Instructions for the task | Exclude the pictures; give every entry again exactly as written.

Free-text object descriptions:
--------

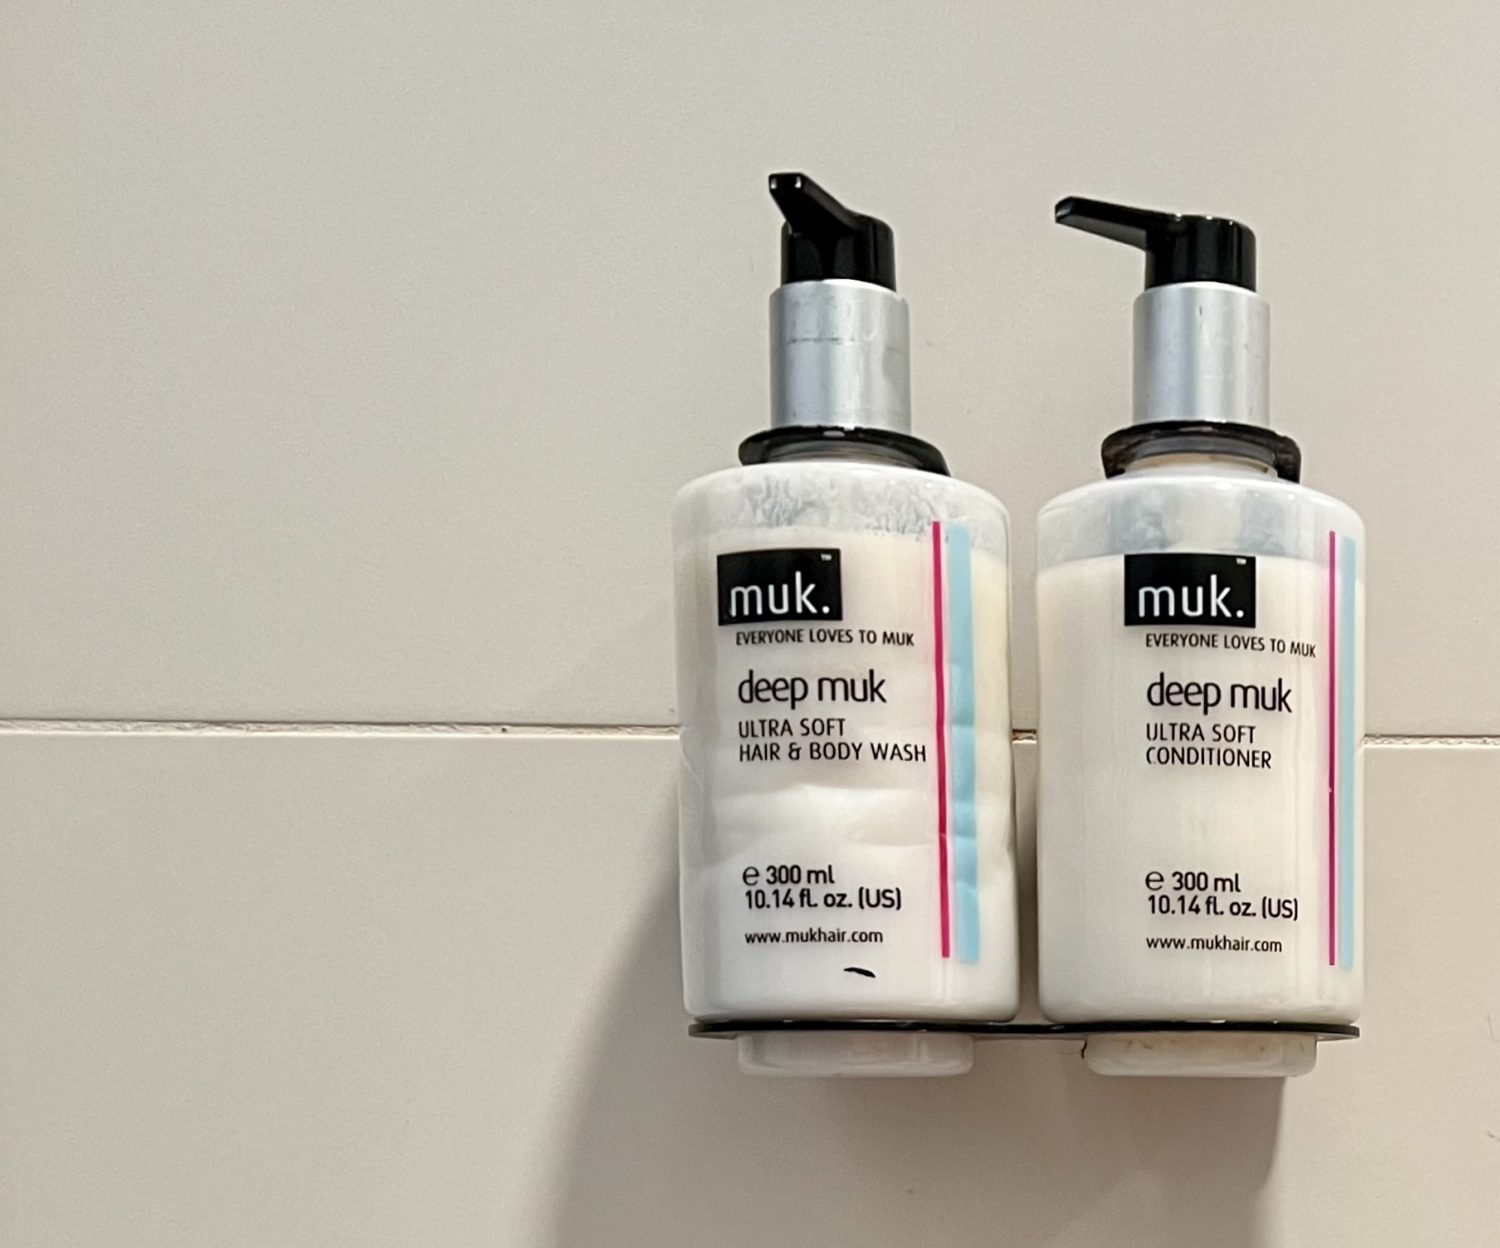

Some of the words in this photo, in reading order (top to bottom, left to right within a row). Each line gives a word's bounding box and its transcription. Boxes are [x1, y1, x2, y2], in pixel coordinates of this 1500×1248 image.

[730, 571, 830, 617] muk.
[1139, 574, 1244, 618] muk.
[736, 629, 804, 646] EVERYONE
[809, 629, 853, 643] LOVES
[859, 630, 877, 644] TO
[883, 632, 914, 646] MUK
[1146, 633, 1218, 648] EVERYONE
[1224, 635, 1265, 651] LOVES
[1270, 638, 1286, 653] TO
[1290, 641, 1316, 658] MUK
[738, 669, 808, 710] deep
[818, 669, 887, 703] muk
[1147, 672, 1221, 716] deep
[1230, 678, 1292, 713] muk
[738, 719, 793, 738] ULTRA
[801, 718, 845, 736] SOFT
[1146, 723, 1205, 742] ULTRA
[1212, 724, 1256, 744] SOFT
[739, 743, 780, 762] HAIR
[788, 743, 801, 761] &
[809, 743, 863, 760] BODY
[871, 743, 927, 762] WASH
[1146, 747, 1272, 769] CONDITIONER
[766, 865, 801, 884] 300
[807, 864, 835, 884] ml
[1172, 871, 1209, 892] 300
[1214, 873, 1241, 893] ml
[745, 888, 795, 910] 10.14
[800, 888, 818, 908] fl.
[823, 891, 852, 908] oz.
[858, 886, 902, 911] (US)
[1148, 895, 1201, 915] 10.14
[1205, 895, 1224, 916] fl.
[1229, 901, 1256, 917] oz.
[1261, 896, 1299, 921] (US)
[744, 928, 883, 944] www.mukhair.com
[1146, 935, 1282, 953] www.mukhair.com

--------

Answer section |
Some of the words in this photo, in reading order (top to bottom, left to right within a row). Each line gives a word's bounding box and its transcription. Boxes are [x1, y1, x2, y2], in pixel coordinates of this 1500×1248 image.

[730, 571, 830, 617] muk.
[1139, 574, 1244, 618] muk.
[736, 629, 804, 646] EVERYONE
[809, 629, 853, 643] LOVES
[859, 630, 877, 644] TO
[883, 632, 914, 646] MUK
[1146, 633, 1218, 648] EVERYONE
[1224, 635, 1265, 651] LOVES
[1270, 638, 1286, 653] TO
[1290, 641, 1316, 658] MUK
[738, 669, 808, 710] deep
[818, 669, 887, 703] muk
[1147, 672, 1221, 716] deep
[1230, 678, 1292, 713] muk
[738, 719, 793, 738] ULTRA
[801, 718, 845, 736] SOFT
[1146, 723, 1205, 742] ULTRA
[1212, 724, 1256, 744] SOFT
[739, 743, 780, 762] HAIR
[788, 743, 801, 761] &
[809, 743, 863, 760] BODY
[871, 743, 927, 762] WASH
[1146, 747, 1272, 769] CONDITIONER
[766, 865, 801, 884] 300
[807, 864, 835, 884] ml
[1172, 871, 1209, 892] 300
[1214, 873, 1241, 893] ml
[745, 888, 795, 910] 10.14
[800, 888, 818, 908] fl.
[823, 891, 852, 908] oz.
[858, 886, 902, 911] (US)
[1148, 895, 1201, 915] 10.14
[1205, 895, 1224, 916] fl.
[1229, 901, 1256, 917] oz.
[1261, 896, 1299, 921] (US)
[744, 928, 883, 944] www.mukhair.com
[1146, 935, 1282, 953] www.mukhair.com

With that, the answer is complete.